Sramana: Jim, where does your personal story begin?
Jim Burleigh: I am originally from San Diego. I grew up in a lower middle class family with a ranching background. My parents divorced early on, so I split my time growing up on a ranch outside of San Diego and the city itself. I was pushed hard by my parents to focus hard on school and use it as a stepping stone to get places where members of my family traditionally had not been. I went to Cal Tech and got an engineering degree, which led me to Silicon Valley.
I graduated in the late 1980s when Oracle was looking for bright people from good schools. They just wanted the right type of person, and once they found them then they would find a place for them in the company. I joined Oracle in 1989. I started off in quality assurance (QA) and did light development work around SQL drivers which gave me a good basis for understanding the platform. I was there for a year and a half before I moved into technical marketing. I was the guy who knew how to make things work on the marketing team.
Sramana: How long did you stay at Oracle?
Jim Burleigh: I stayed there for about eight years. I left in late 1996 to join a CRM startup called Baystone Software. We were Remedy’s largest ISV. I have had a number of people who have worked for me who have gone out to startups and make a ton of money. There were a couple of people I knew at Remedy who were trying to get me to come and work with them. I decided I wanted to work at a small place instead, and I was not there but nine months before Remedy acquired us. The job they wanted me to perform was still open, so I took a job running their channels and Latin American sales.
Sramana: How long did you stay with Remedy?
Jim Burleigh: I was there for about two years. I left in early 1999. At that point Marc Benioff gave me a call. I had worked for him at Oracle for three years, so I knew him. He told me he had a great idea that he wanted me to look at. I took a look at his idea and it was the outline for salesforce.com and I met the three founders. One thing I have seen throughout my career is that there is always the right coincidence of timing and opportunity. I don’t know a recipe for planning that but you have to recognize it and when you see it great.
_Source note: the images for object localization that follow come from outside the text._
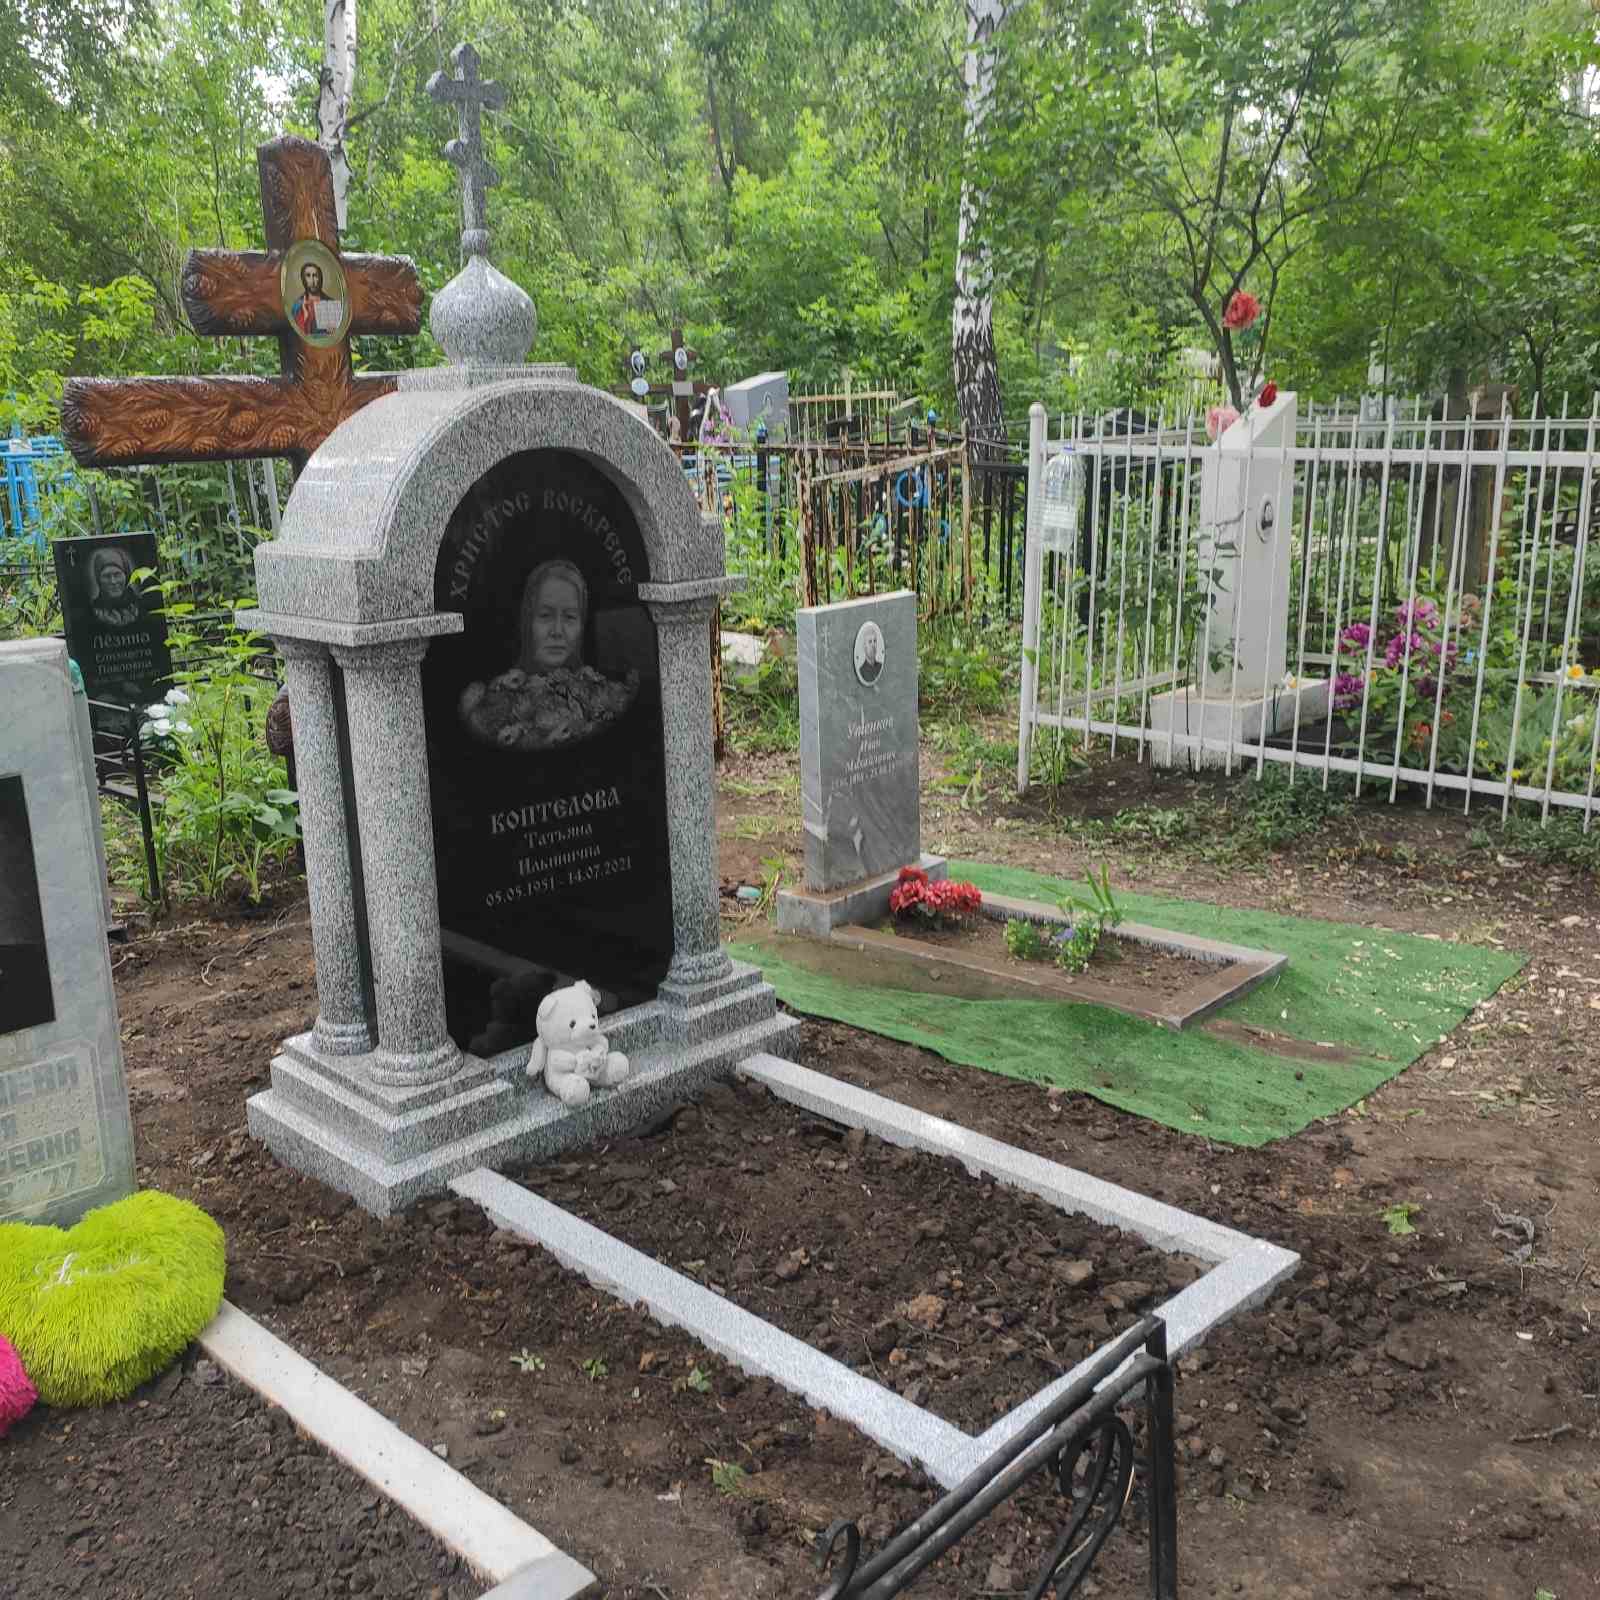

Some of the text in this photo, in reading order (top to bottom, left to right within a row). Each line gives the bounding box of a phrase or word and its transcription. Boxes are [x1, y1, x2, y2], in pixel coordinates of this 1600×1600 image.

[450, 490, 530, 601] ХРИСТОС
[491, 786, 622, 835] КОПТЕЛОВА
[517, 844, 601, 877] Ильинична
[523, 823, 593, 849] Татьяна
[485, 875, 556, 908] 05.05.1951
[567, 855, 632, 886] 14.07.2021
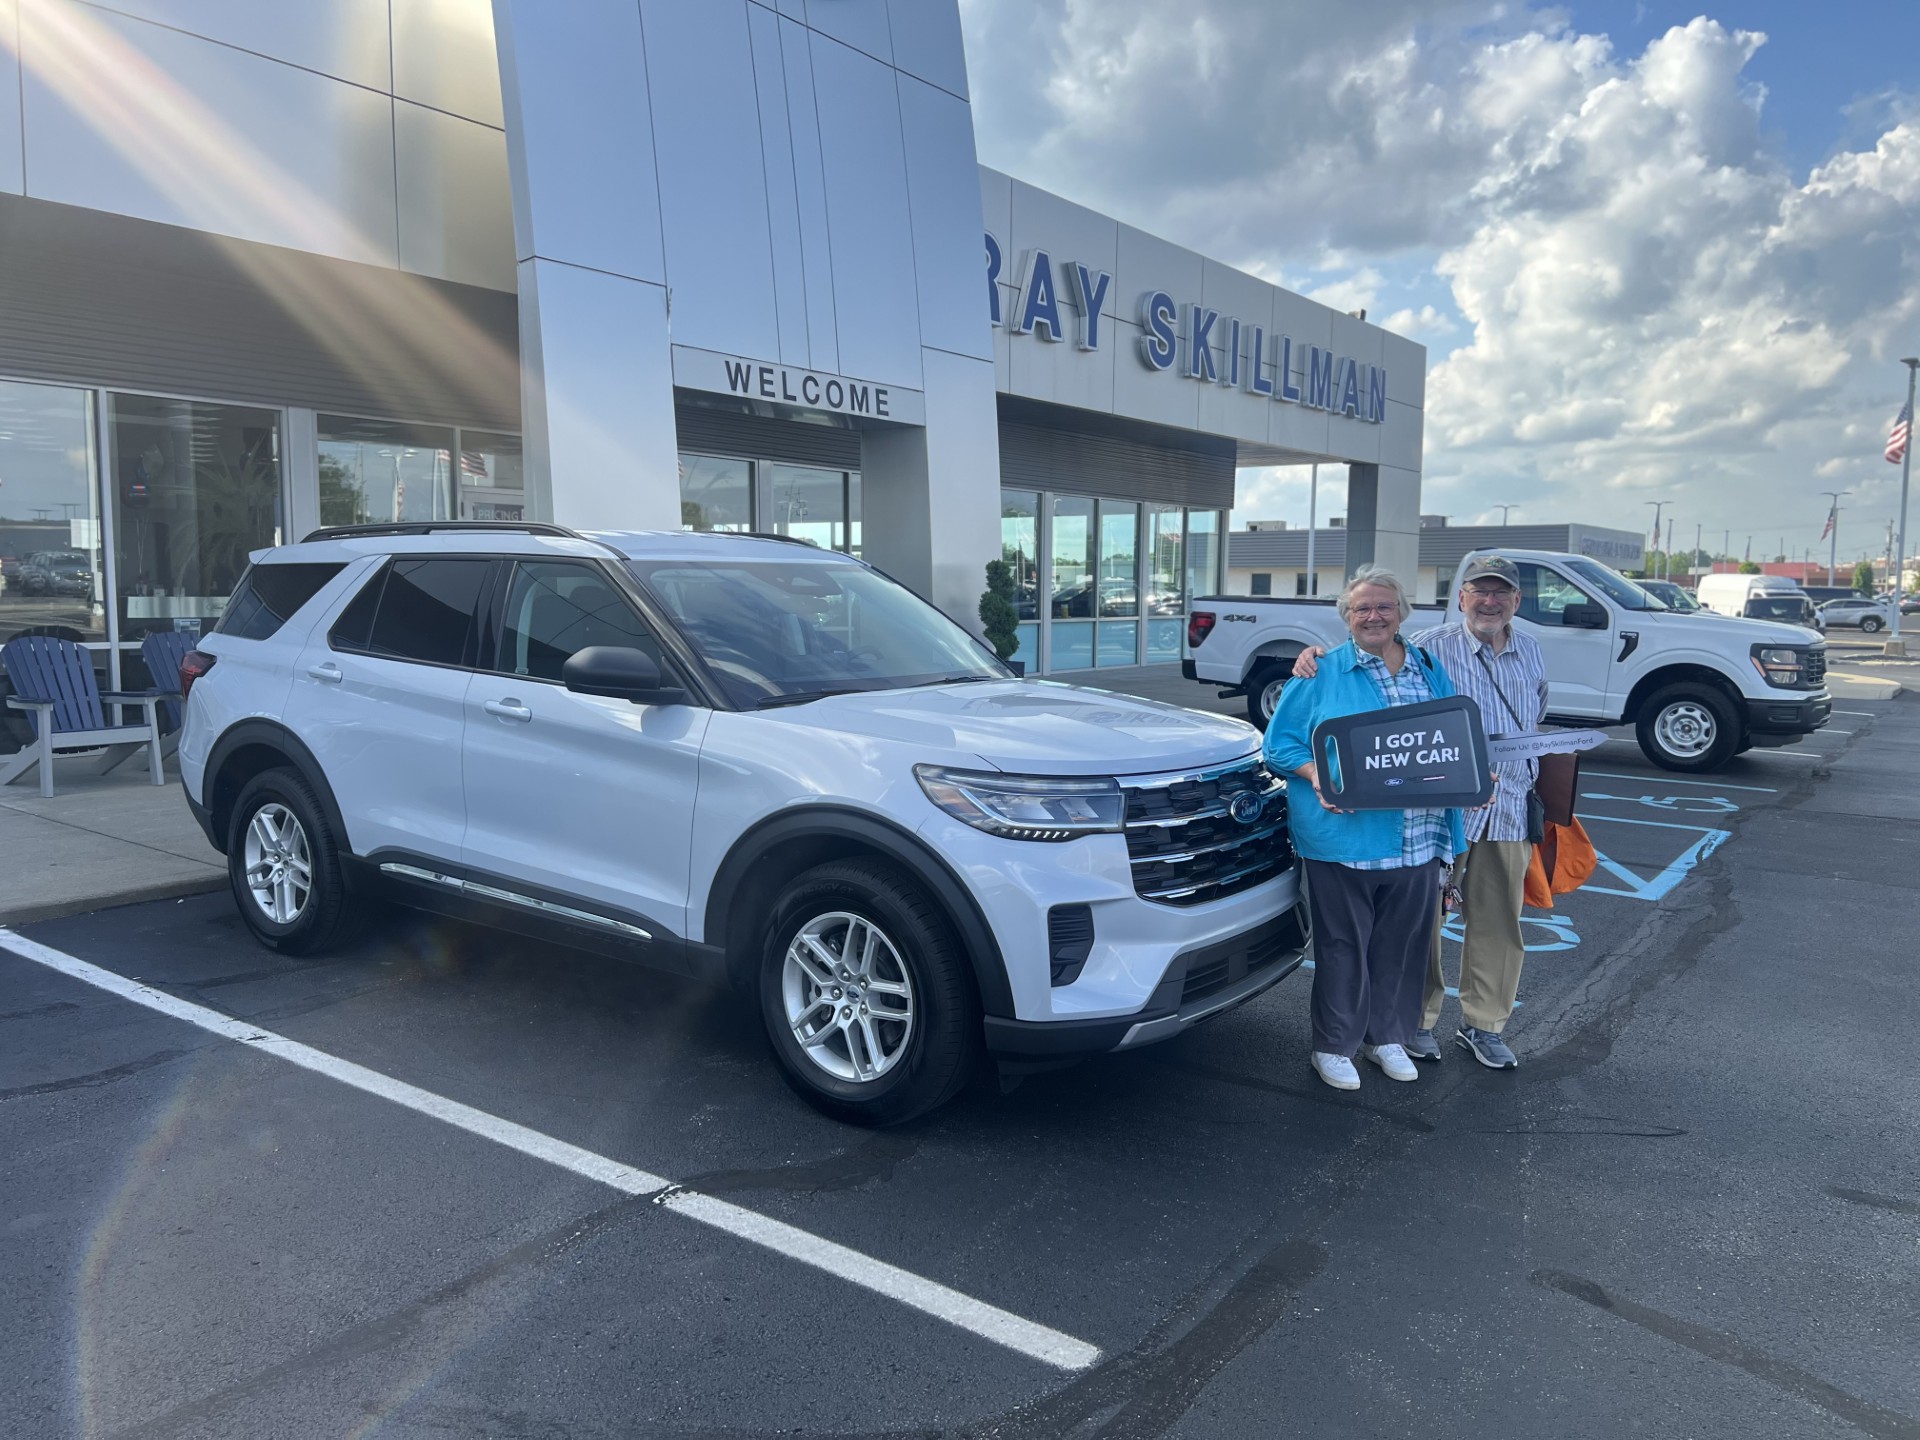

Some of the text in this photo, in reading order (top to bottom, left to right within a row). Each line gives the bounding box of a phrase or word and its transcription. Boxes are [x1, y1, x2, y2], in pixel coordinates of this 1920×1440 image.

[1141, 290, 1387, 424] SKILLMAN
[725, 360, 889, 417] WELCOME
[478, 509, 519, 520] PRICING
[1375, 730, 1445, 750] I GOT A
[1494, 744, 1517, 753] Follow
[1532, 737, 1594, 751] @RaySkillmanFord
[1365, 747, 1460, 770] NEW CAR!
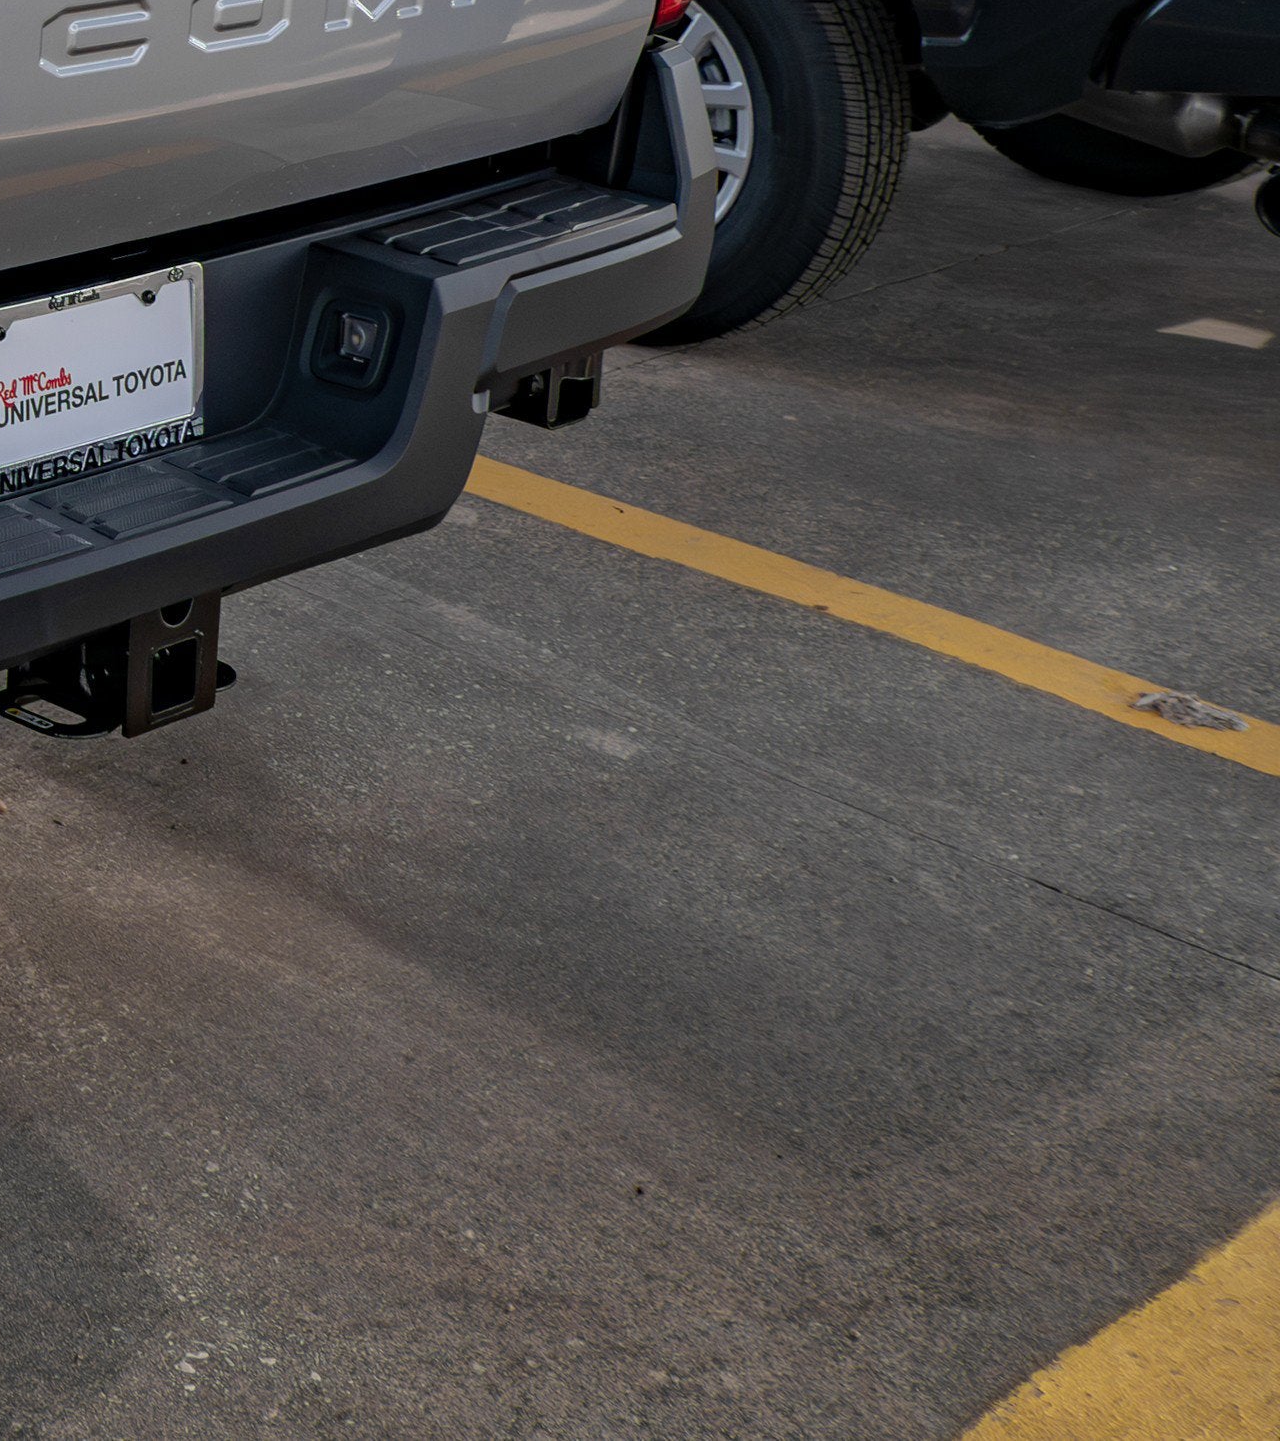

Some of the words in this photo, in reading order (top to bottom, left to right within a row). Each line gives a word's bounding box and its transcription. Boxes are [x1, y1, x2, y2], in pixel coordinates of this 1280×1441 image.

[19, 367, 72, 395] McCombs
[113, 359, 187, 397] TOYOTA
[114, 418, 196, 461] TOYOTA
At Remedy we were very large in the help desk space but we were also one of the largest CRM vendors at the time. We were not aggressive about pushing and promoting that information. We had an opportunity to take that CRM effort, host it, and serve it in the marketplace. I presented that to our executive staff and their thoughts was that it was too aggressive of a move that they would rather leave to the young, upstart companies. They did not want to take the risk. Marc called me closely after that so after meeting the other founders and seeing their idea I was immediately in love with the idea and joined them in early 1999. Salesforce.com had a few pages of html mockup and an apartment next to Marc’s apartment where we ran telephone and Internet lines from his apartment though the window. One of the developers slept in the master bedroom, which was also my office. My first job there was to assemble my desk, which was an Ikea-type table that I screwed together.